Le vin est cette année à l’honneur au SIAL avec pour la première fois un hall entier qui lui est spécifiquement consacré et un important pavillon français qui fait le double de celui de l’Italie. D’emblée une constatation
s’impose : chacun des exposants a sa Chinoise ou son Chinois car ici il est impossible de faire des affaires sans savoir parler le chinois. Une bonne connaissance du marché s’impose pour pouvoir choisir un importateur sérieux. « Face au boom du vin en Chine, de nombreux hommes d’affaires chinois se sont lancés avec opportunisme sur ce marché sans le connaître », nous explique Yiran Liu, la directrice de la Maison du Languedoc-Roussillon à Shanghai, une structure dépendant de Sud de France Export. D’où l’intérêt de pouvoir être aidé pour opérer un tri comme le fait la « Maison » de Shanghai pour ses producteurs.

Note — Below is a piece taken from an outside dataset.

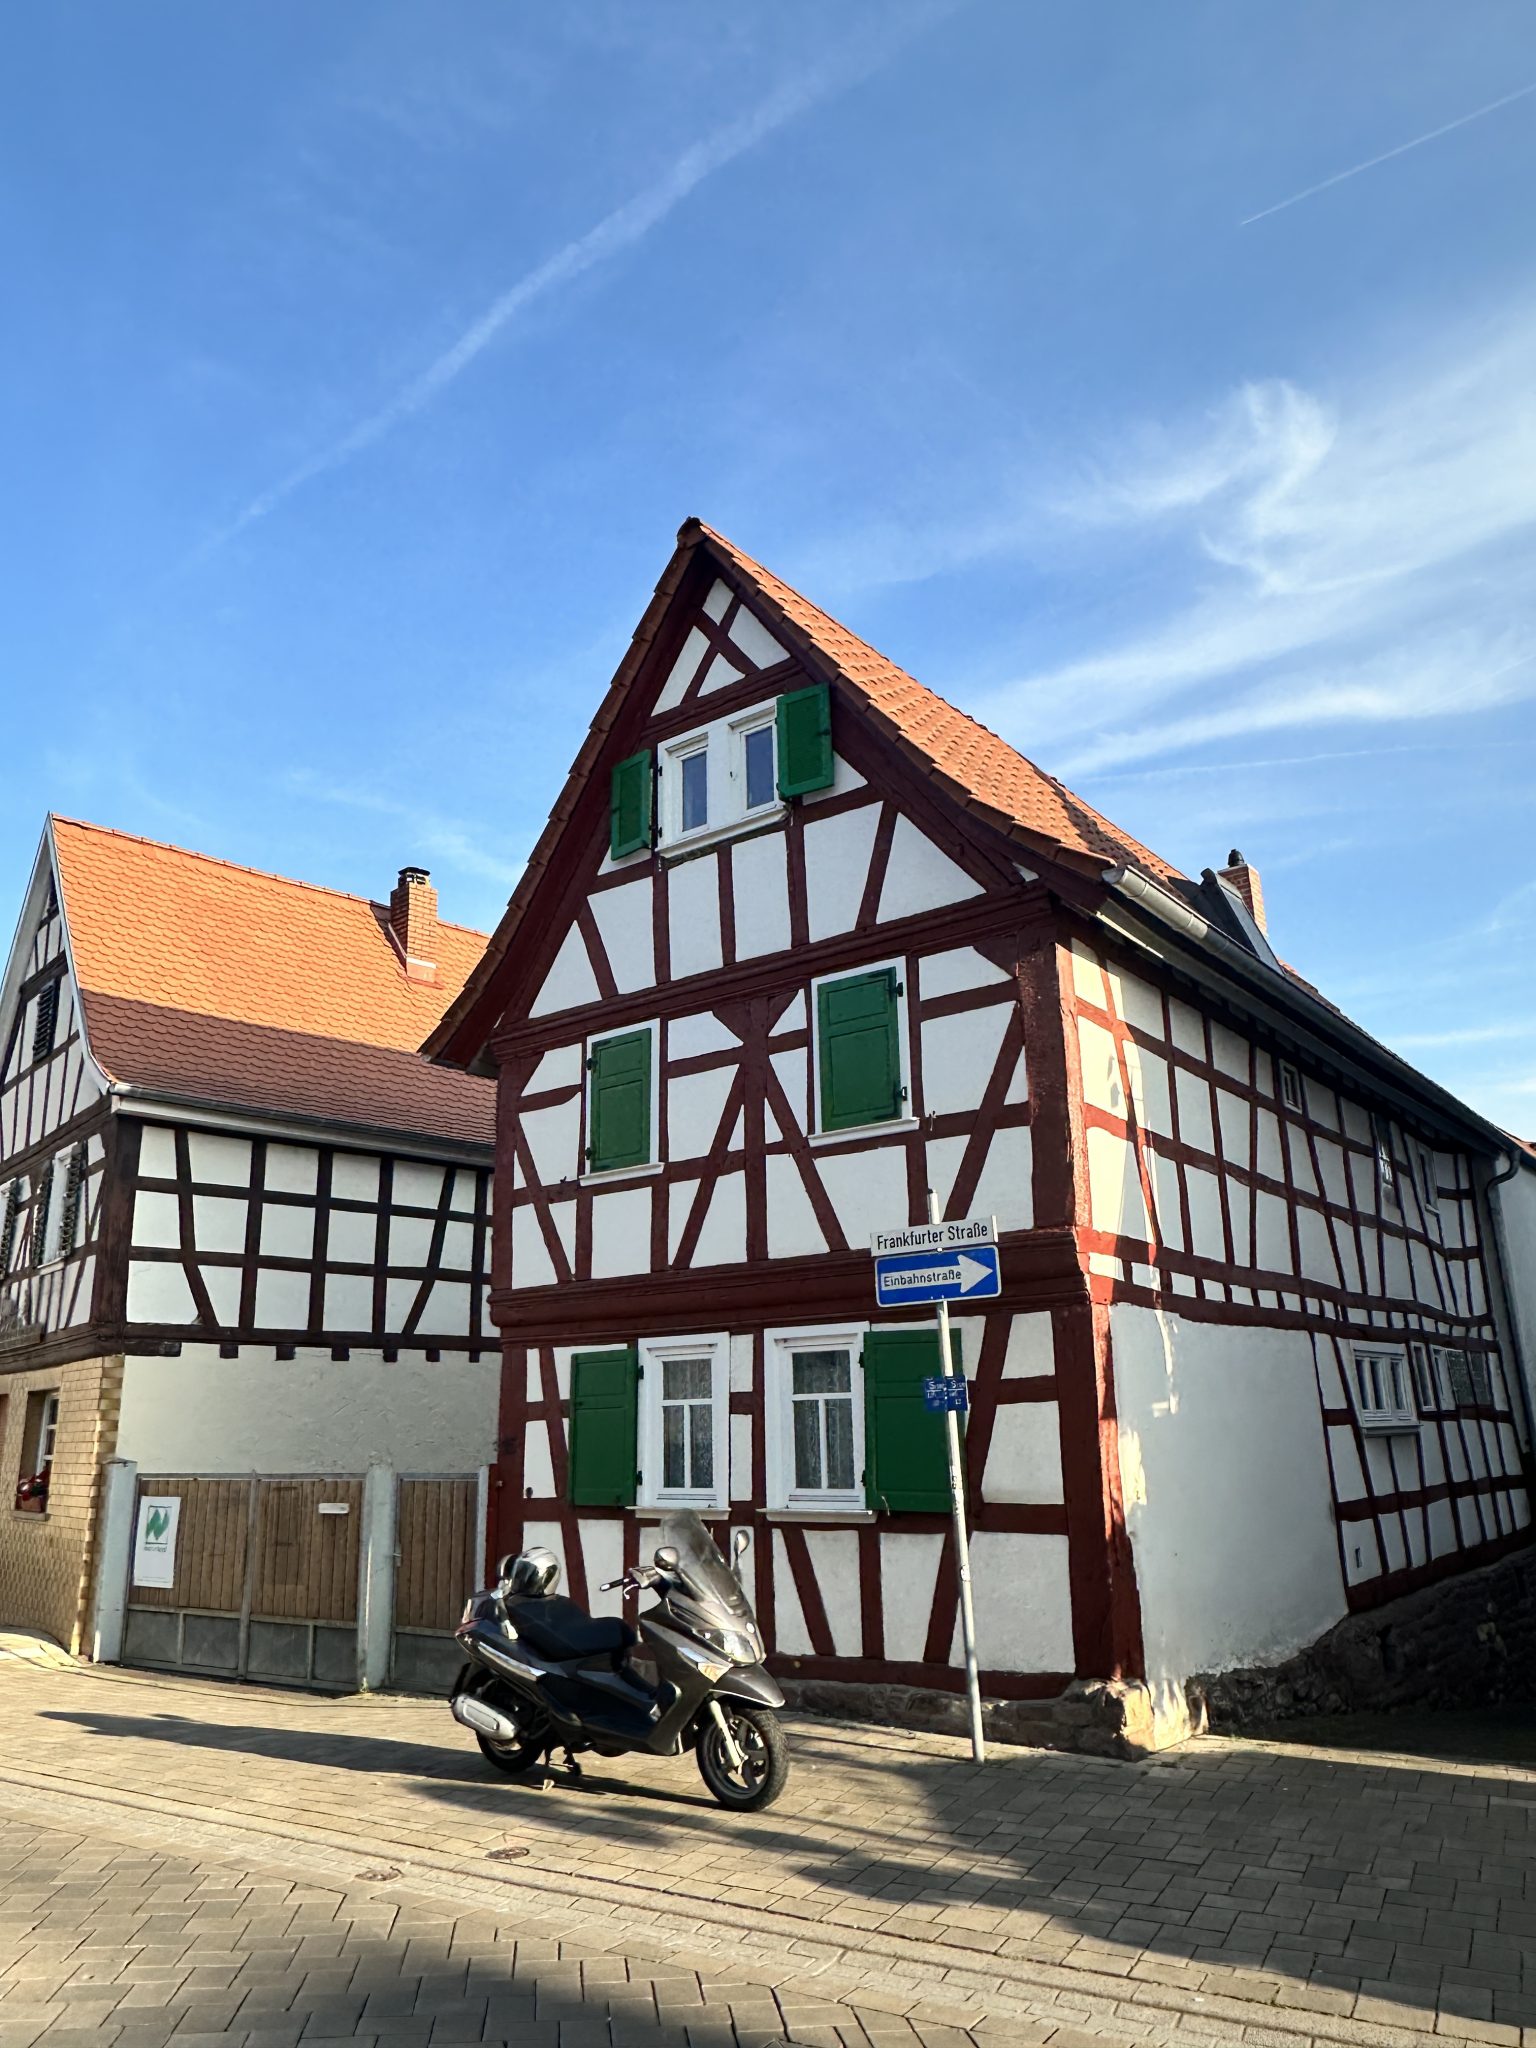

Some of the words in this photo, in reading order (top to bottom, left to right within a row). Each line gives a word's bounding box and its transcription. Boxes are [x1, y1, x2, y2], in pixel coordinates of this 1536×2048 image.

[877, 1230, 944, 1250] Frankfurter
[948, 1222, 988, 1241] Straße
[884, 1269, 962, 1287] Einbahnstraße

Vendredi 20 mai, après-midi à la Saint-Bacchus. Après un sandwich avalé en vitesse et un taxi clandestin pris pour retourner dans le centre de Shanghai (impossible de trouver un taxi normal), direction la Maison du Languedoc-Roussillon où a lieu la cérémonie de la Saint-Bacchus, un concours, organisé en Chine (après Londres et New York) par le Conseil interprofessionnel des vins du Roussillon (CIVR) et Sud de France Export. Un Grand jury composé de professionnels du vin du pays concerné comme Qian Wei, fondateur de EMW (East meets west fine wines), classé dans le top 5 des importateurs de vins chinois, Long Yun, à la tête du site de vente de vins en ligne Yes My Wine, qui s’est classé premier site de vente en ligne en Chine ou encore Yang Lu, sommelier de l’hôtel de luxe Peninsula Shanghai, dans le quartier du Bund à Shanghai, est chargé de primer une sélection de 162 vins du Roussillon.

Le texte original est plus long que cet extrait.